● **Activity**
Exact wording is required: give all the records again, minus the pictures.
*** Data extracts
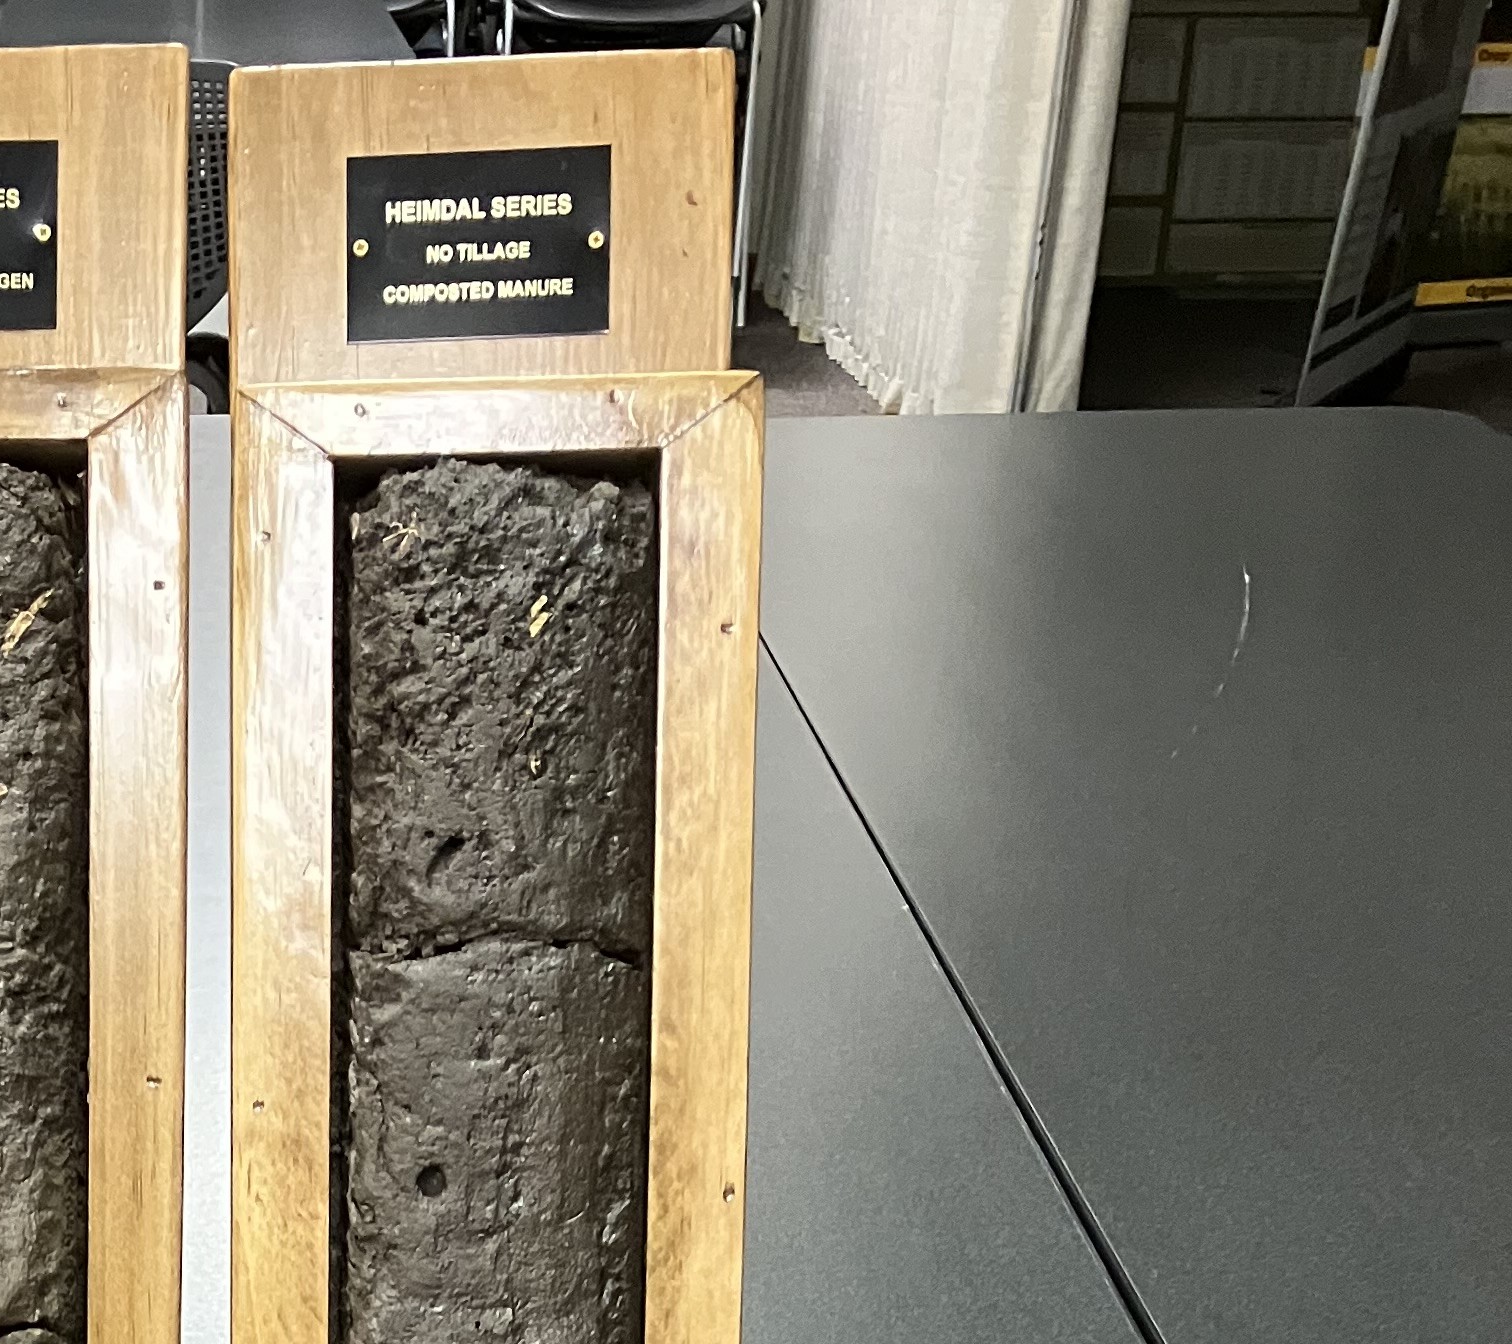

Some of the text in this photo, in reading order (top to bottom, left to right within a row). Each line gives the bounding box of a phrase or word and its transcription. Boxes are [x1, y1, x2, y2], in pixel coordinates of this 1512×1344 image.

[385, 192, 573, 225] HEIMDAL SERIES
[425, 240, 531, 265] NO TILLAGE
[383, 277, 574, 306] COMPOSTED MANURE
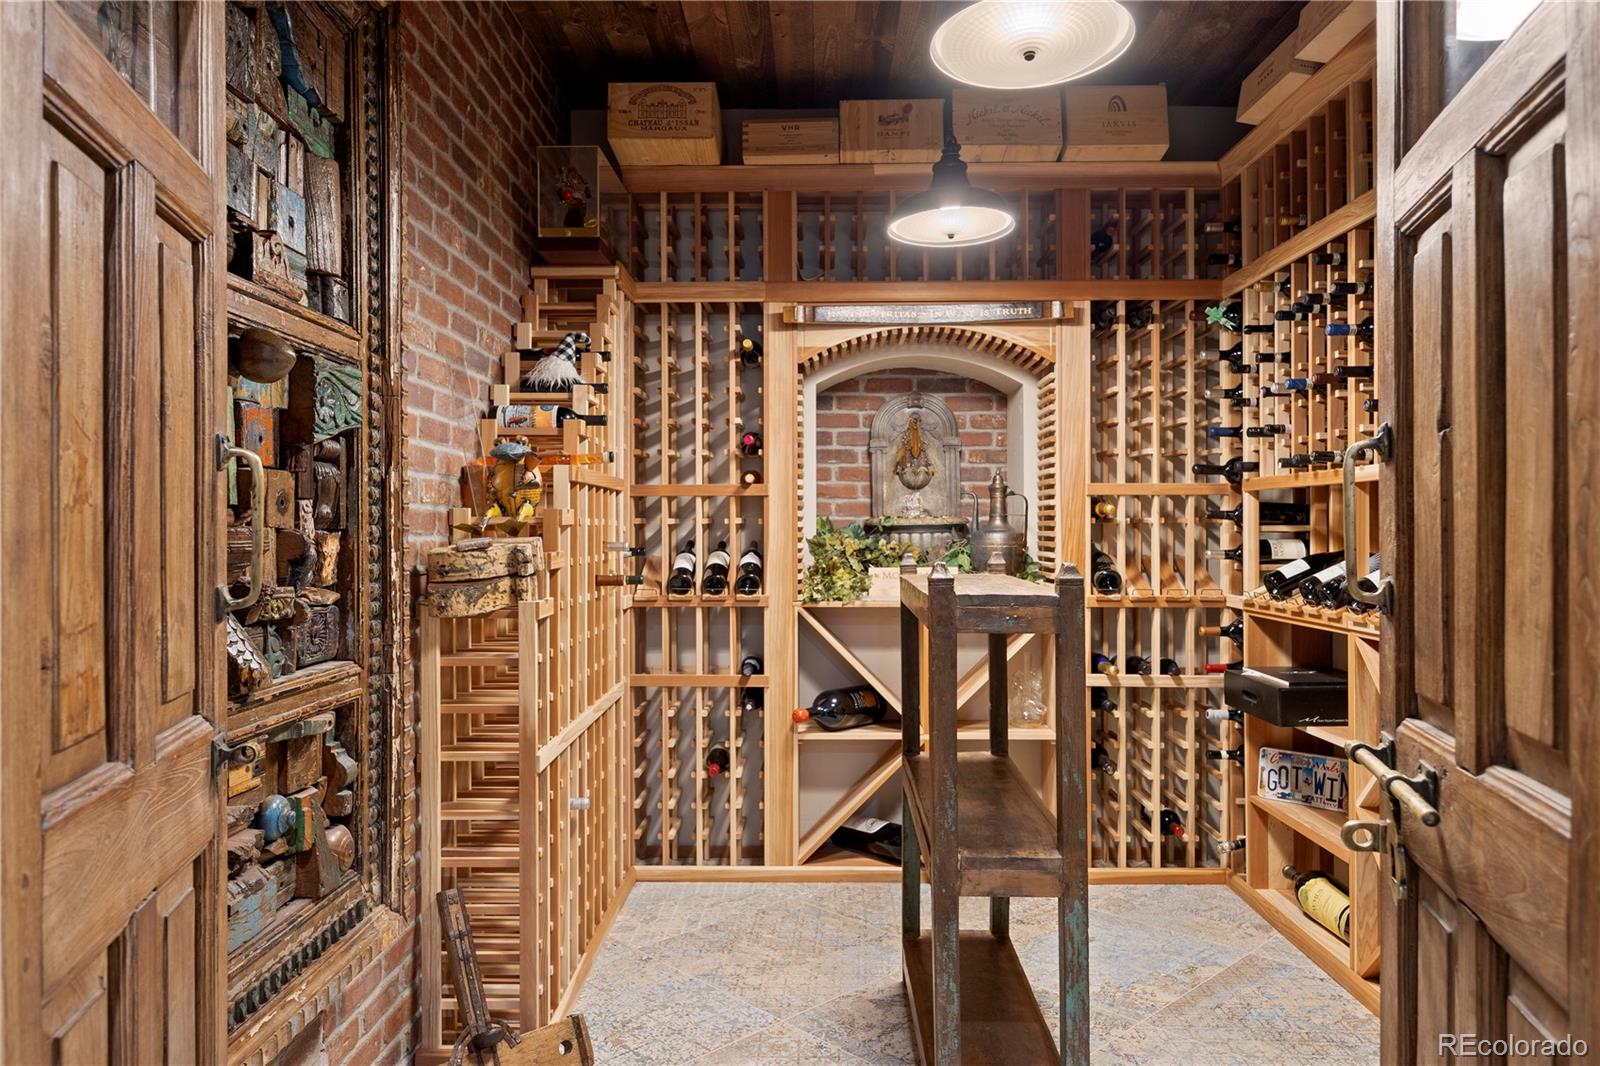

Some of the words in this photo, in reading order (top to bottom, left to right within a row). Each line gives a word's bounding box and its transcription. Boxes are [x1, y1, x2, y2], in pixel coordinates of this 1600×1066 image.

[627, 119, 662, 127] CHATEAU
[996, 307, 1032, 315] TRUTH
[1267, 765, 1303, 792] GOT
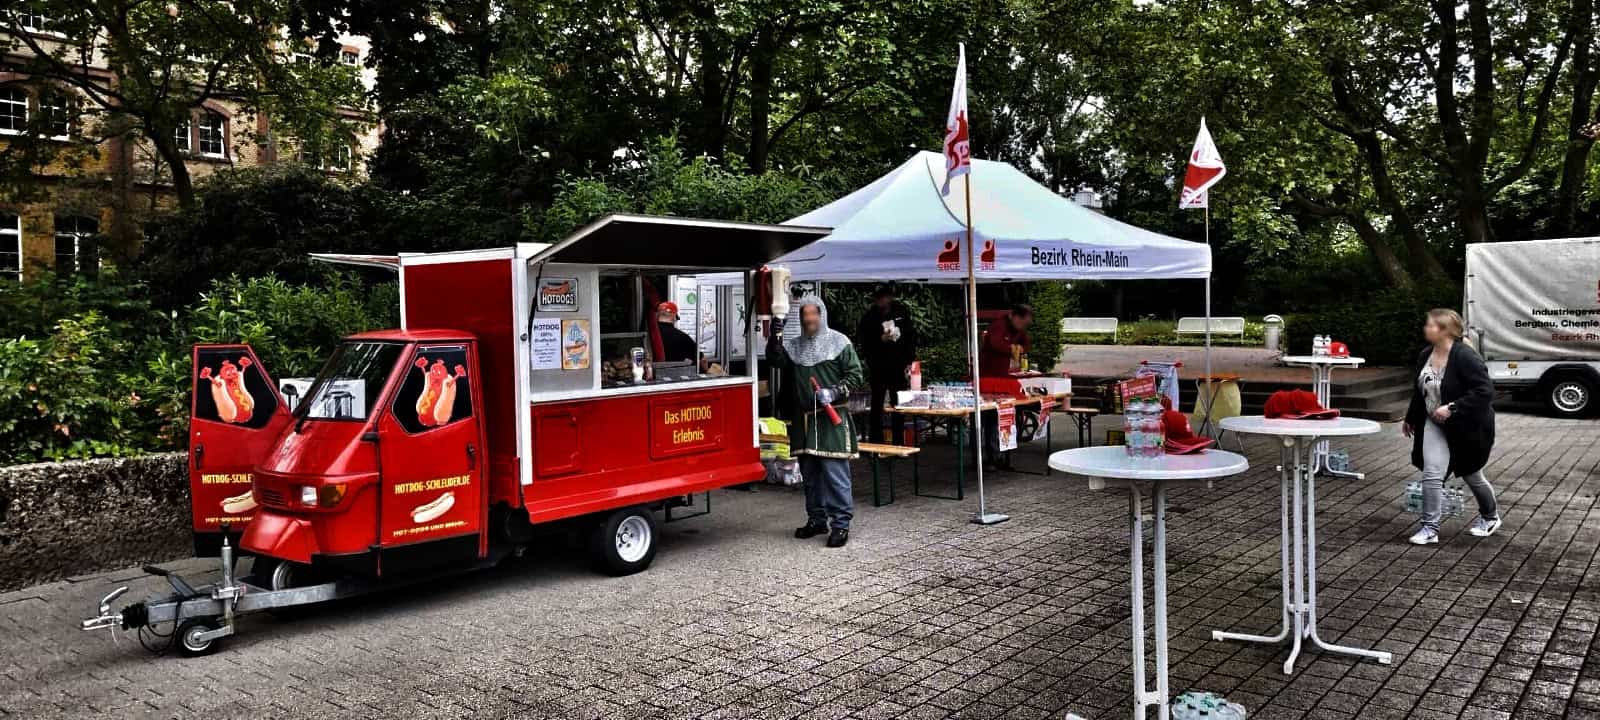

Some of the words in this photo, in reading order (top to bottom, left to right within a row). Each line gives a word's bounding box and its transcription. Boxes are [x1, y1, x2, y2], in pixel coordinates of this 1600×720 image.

[1031, 247, 1067, 265] Bezirk
[1071, 248, 1129, 267] Rhein-Main
[542, 294, 574, 305] HOTDOGS
[1515, 320, 1558, 328] Bergbau,
[665, 410, 680, 424] Das
[681, 405, 712, 422] HOTDOG
[673, 427, 704, 444] Erlebnis
[394, 474, 471, 495] HOTDOG-SCHLEUDER.DE
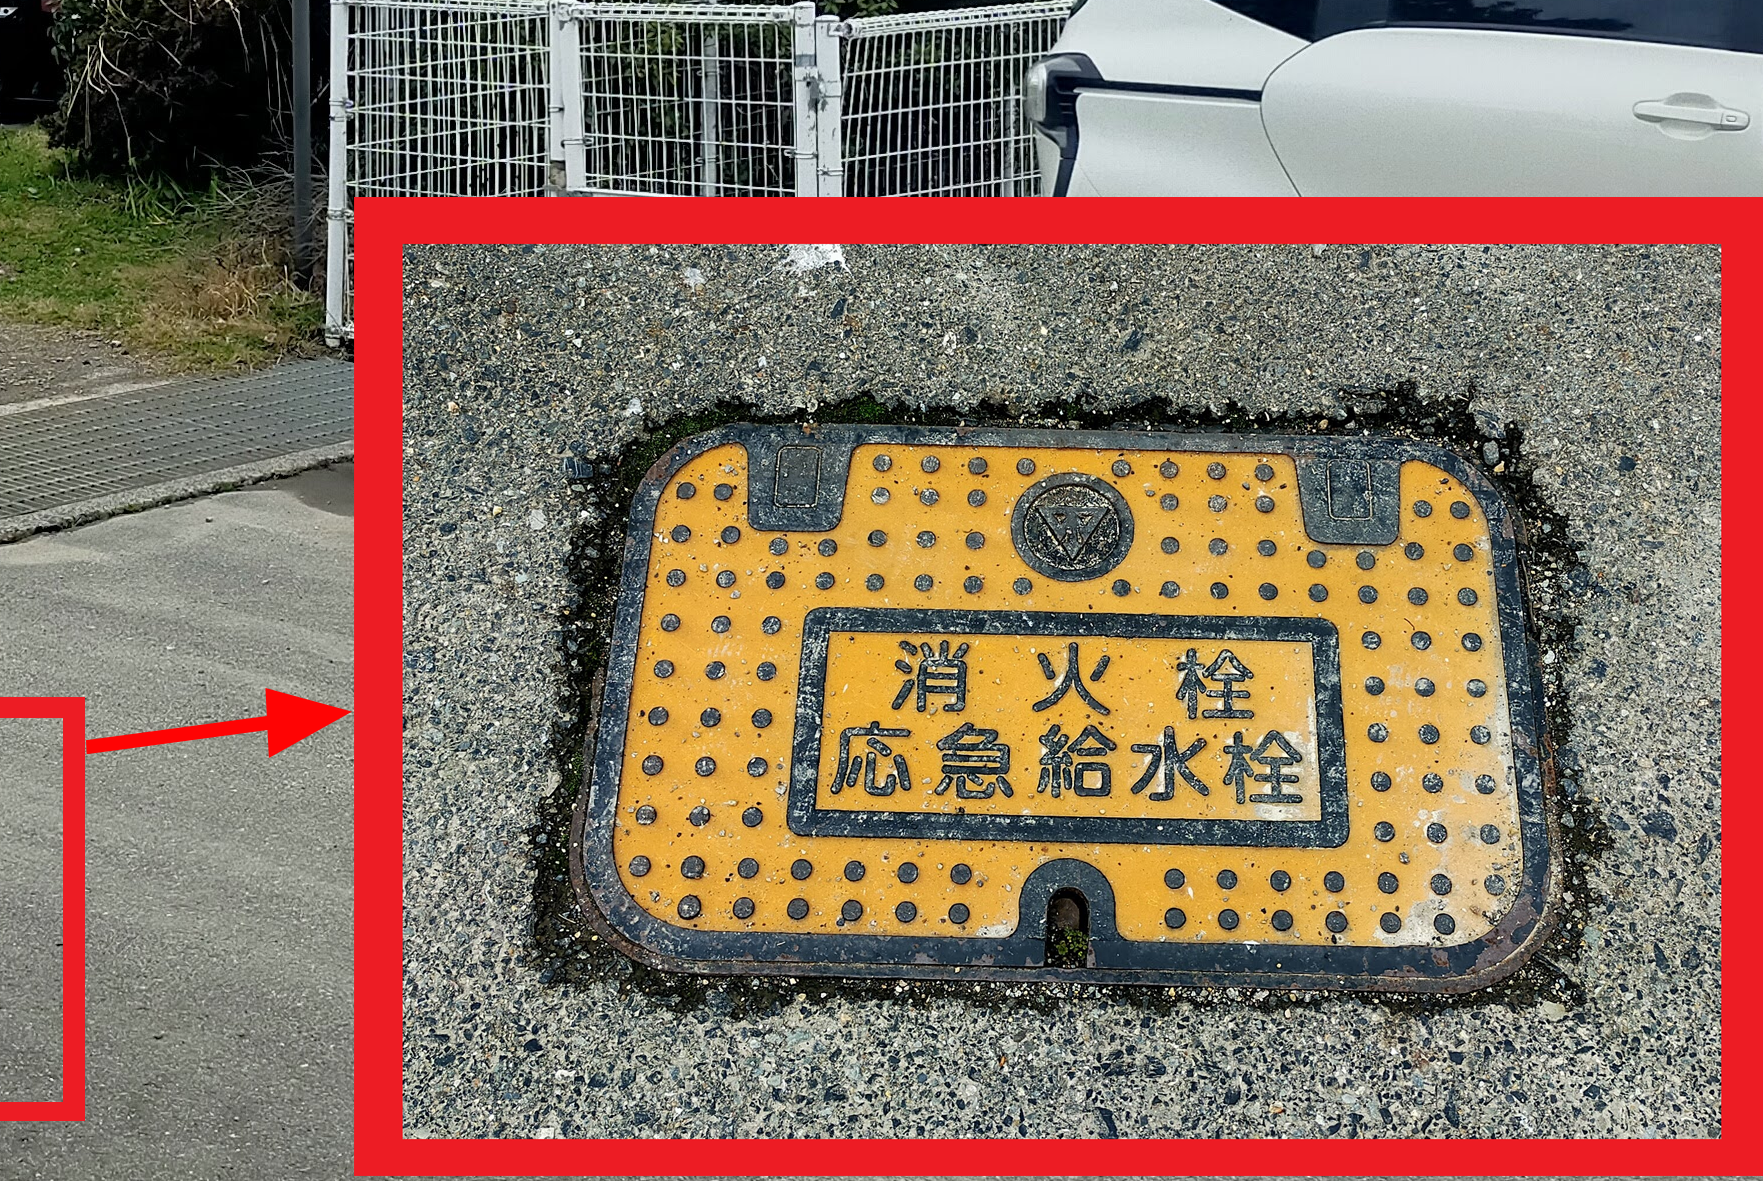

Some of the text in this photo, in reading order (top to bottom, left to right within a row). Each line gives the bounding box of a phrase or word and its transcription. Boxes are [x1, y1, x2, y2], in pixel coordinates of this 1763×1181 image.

[891, 637, 1256, 720] 消火栓
[828, 720, 1305, 806] 応急給水栓
******
● **Solution to this problem**
Some of the text in this photo, in reading order (top to bottom, left to right within a row). Each line gives the bounding box of a phrase or word and its transcription. Boxes are [x1, y1, x2, y2], in pixel coordinates of this 1512×1344 image.

[385, 192, 573, 225] HEIMDAL SERIES
[425, 240, 531, 265] NO TILLAGE
[383, 277, 574, 306] COMPOSTED MANURE

Some of the words in this photo, in reading order (top to bottom, left to right within a row). Each line gives a word's bounding box and its transcription. Boxes are [x1, y1, x2, y2], in pixel coordinates of this 1600×1066 image.

[627, 119, 662, 127] CHATEAU
[996, 307, 1032, 315] TRUTH
[1267, 765, 1303, 792] GOT

Some of the words in this photo, in reading order (top to bottom, left to right within a row). Each line gives a word's bounding box and its transcription. Boxes are [x1, y1, x2, y2], in pixel coordinates of this 1600×720 image.

[1031, 247, 1067, 265] Bezirk
[1071, 248, 1129, 267] Rhein-Main
[542, 294, 574, 305] HOTDOGS
[1515, 320, 1558, 328] Bergbau,
[665, 410, 680, 424] Das
[681, 405, 712, 422] HOTDOG
[673, 427, 704, 444] Erlebnis
[394, 474, 471, 495] HOTDOG-SCHLEUDER.DE

Some of the text in this photo, in reading order (top to bottom, left to right within a row). Each line gives the bounding box of a phrase or word and its transcription. Boxes are [x1, y1, x2, y2], in pixel coordinates of this 1763×1181 image.

[891, 637, 1256, 720] 消火栓
[828, 720, 1305, 806] 応急給水栓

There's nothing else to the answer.